Tell us a bit about yourself! Where are you from originally, and what brought you to New York?
I grew up on the Texas coast, where I spent nearly every weekend swimming at the beach. I lived in North Texas after college, where I taught high school English and coached softball and volleyball. I moved to New York in 2014 to get my master’s degree in poetry at The New School.
What was your favorite subject in school?
My favorite subjects were English, Art, and Spanish.
Is there a particular lesson or concept that you remember learning very clearly, either because of the way that it was taught, the way you came to understand it, or the way it changed the way you look at the world? Tell us about that experience.
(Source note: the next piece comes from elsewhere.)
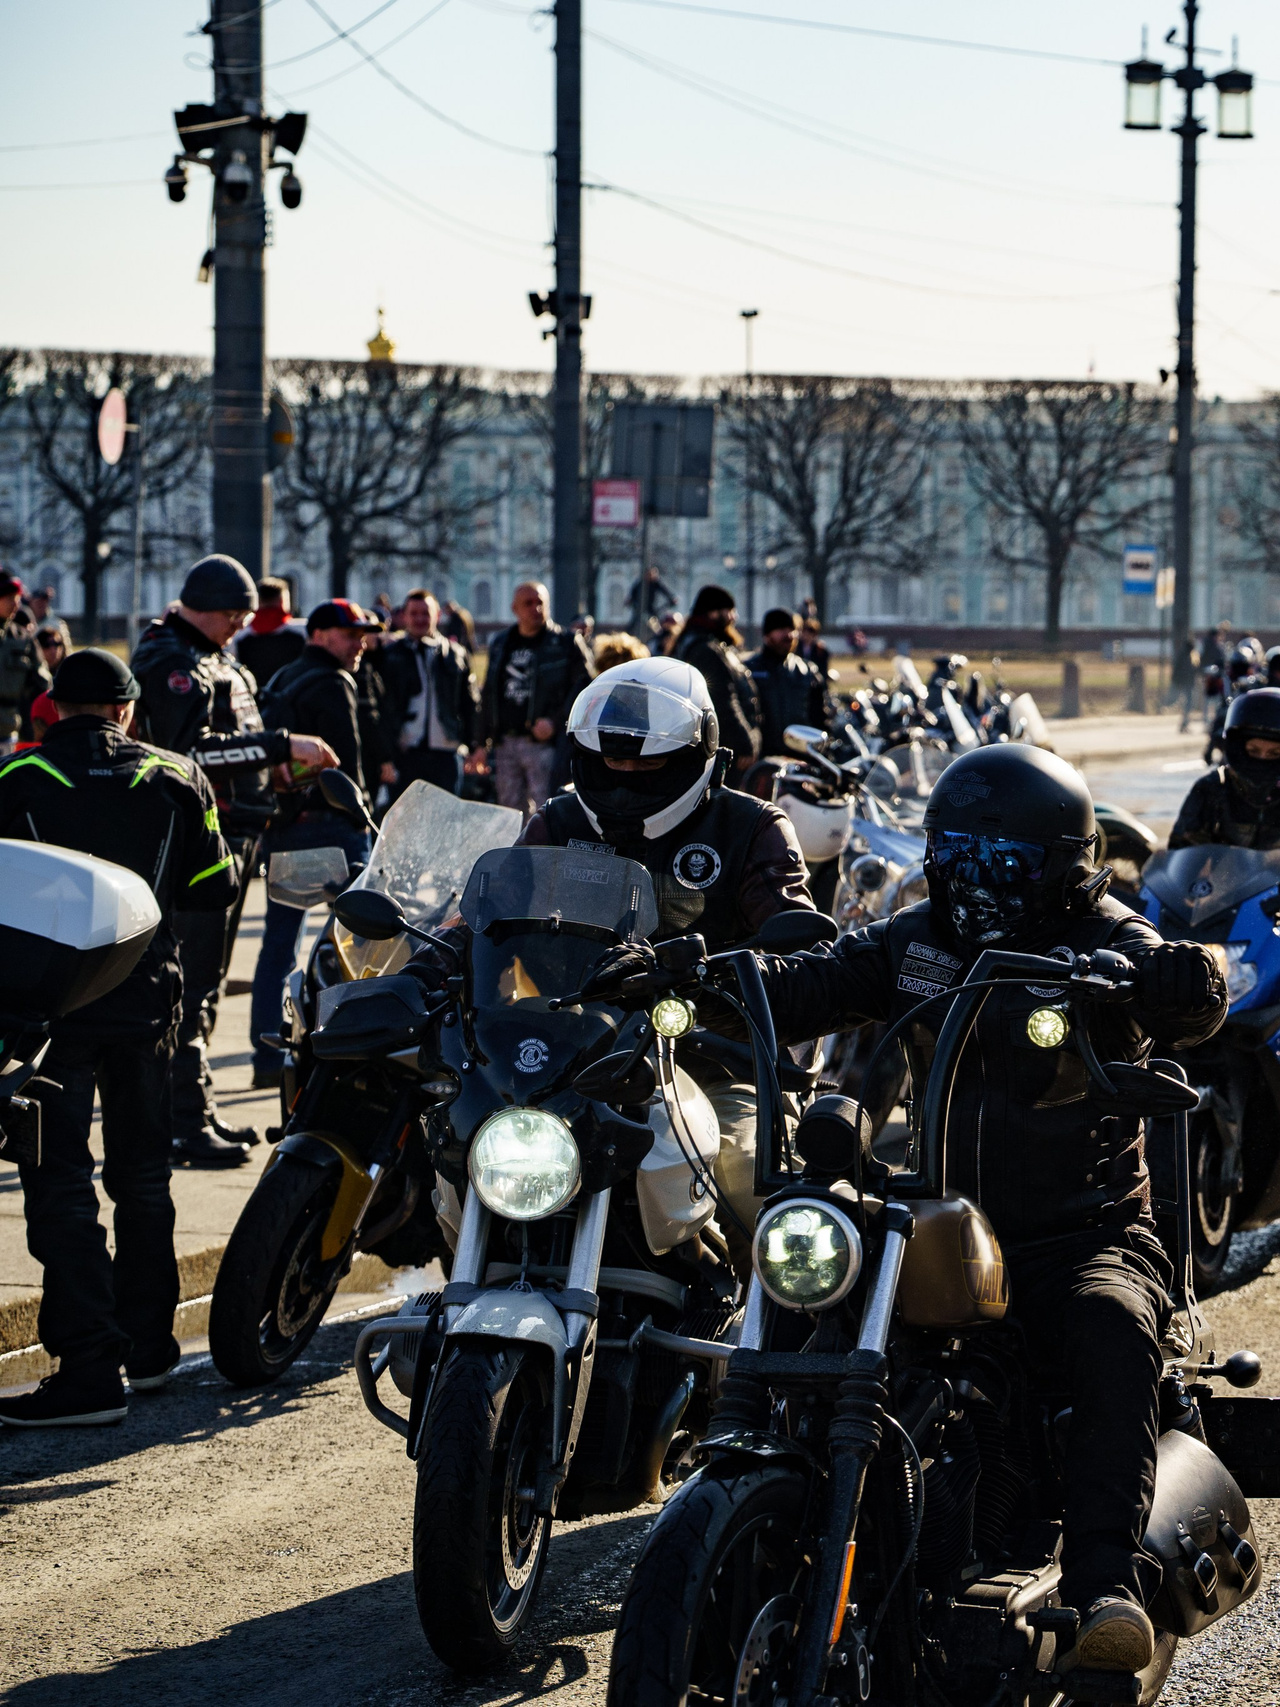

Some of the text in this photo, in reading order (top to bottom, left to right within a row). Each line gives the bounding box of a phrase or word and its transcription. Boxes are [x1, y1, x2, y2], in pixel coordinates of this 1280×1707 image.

When I was twenty years old, I moved to England to study at the University of Leeds. I was a young American poet, and I wanted to prove myself. Though I wrote a lot, I was hesitant to call myself a writer. I thought I had to earn the title by being published, winning awards, and having a little fame.
My new friend Beth challenged my idea of success. She was a writer and artist who spent all her time (gasp!) writing and making art. She wasn’t concerned with making the right impression on the right people; she considered herself a successful writer because she wrote every day.
We spent a lot of time together then, poking away at old-fashioned typewriters and printing little chapbooks of our own poetry. Thanks to Beth, I learned to take ownership of my dreams, instead of waiting for someone else to give me permission to be the writer I knew I was.
What is your favorite book?
My favorite fiction book is The Secret History by Donna Tartt. It was recommended to me by my high school English teacher (she was a genius, but that’s another story). The first time I read the book, I swear I didn’t look up from the pages once. It’s dark and fascinating, and the characters are artfully built.
My favorite book of poetry is Reconnaissance by Carl Phillips. I’m astounded by the leaps he makes in poetry; it’s like watching a magician conjure a miracle. I don’t know how he does it, but I’m glad I’m in his audience.
What’s one piece of advice you’d like to give to every student reading this?
Find a kind of creative practice that makes you happy, something that sends you into the zone where nothing else exists. Maybe you like to write, draw, dance, make films, sing, make puppets, sew, tell jokes— the possibilities are endless— but make regular time for that in your life. I think nothing satisfies human beings like the act of creation, and no matter what happens in your life, relationships, careers, you can always have that little zone for yourself.
What’s your favorite word?
This is a difficult question for a poet. I keep a running list of words that interest me in my notebook, so I’ll lift my answer from that: plum, notch, coin, pillowslip, la boca (spanish for mouth)
How do you spend your free time?
I write, read, swim, bike, doodle, cook, watch Texas Rangers baseball, and look at Doug the Pug’s Instagram.
What does learning mean in your life?
Learning means all the doors are open and I can do anything.